* [REQUIREMENT]
In full and exactly, reproduce the entries below, but omit the pictures.

* [SOURCE MATERIAL]
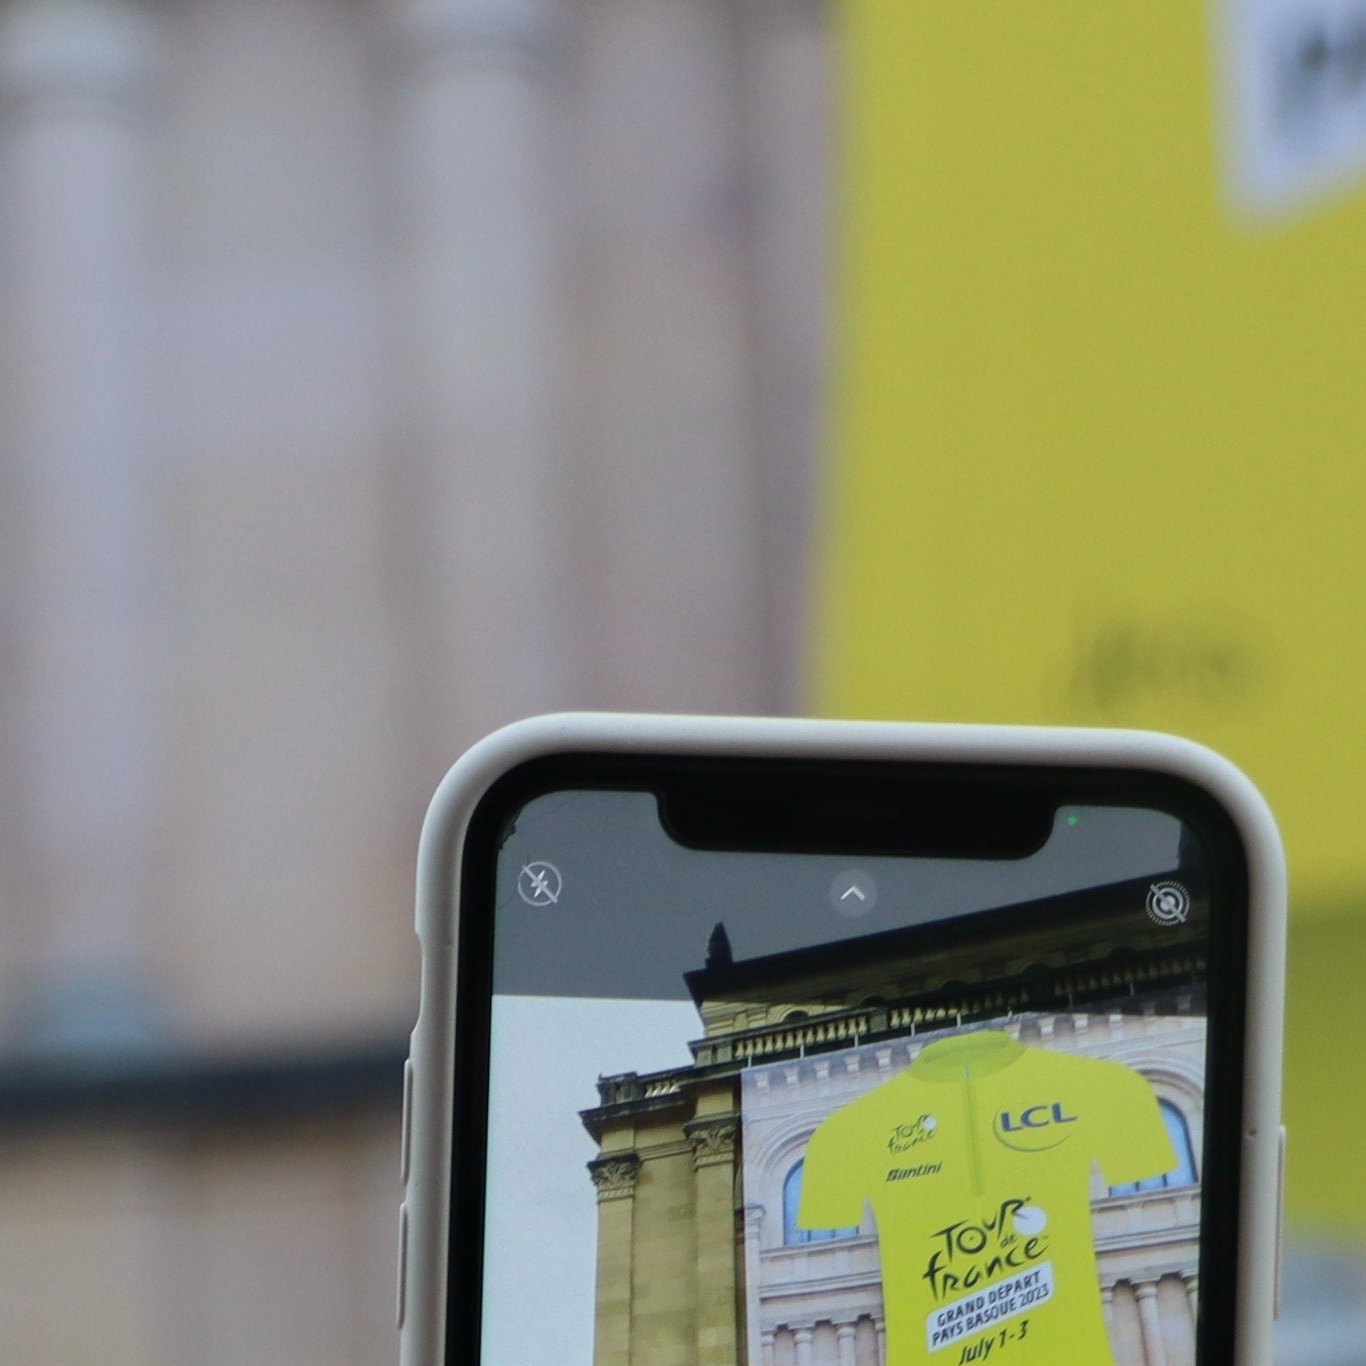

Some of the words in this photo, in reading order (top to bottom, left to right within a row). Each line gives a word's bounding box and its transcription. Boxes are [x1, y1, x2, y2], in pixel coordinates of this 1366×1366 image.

[1001, 1103, 1078, 1132] LCL
[932, 1320, 963, 1346] PAYS
[966, 1297, 1017, 1331] BASQUE
[1018, 1283, 1049, 1308] 2023
[937, 1296, 985, 1327] GRAND
[958, 1337, 996, 1366] July

* [TASK RESULT]
Some of the words in this photo, in reading order (top to bottom, left to right within a row). Each line gives a word's bounding box and its transcription. Boxes are [x1, y1, x2, y2], in pixel coordinates of this 1366×1366 image.

[1001, 1103, 1078, 1132] LCL
[932, 1320, 963, 1346] PAYS
[966, 1297, 1017, 1331] BASQUE
[1018, 1283, 1049, 1308] 2023
[937, 1296, 985, 1327] GRAND
[958, 1337, 996, 1366] July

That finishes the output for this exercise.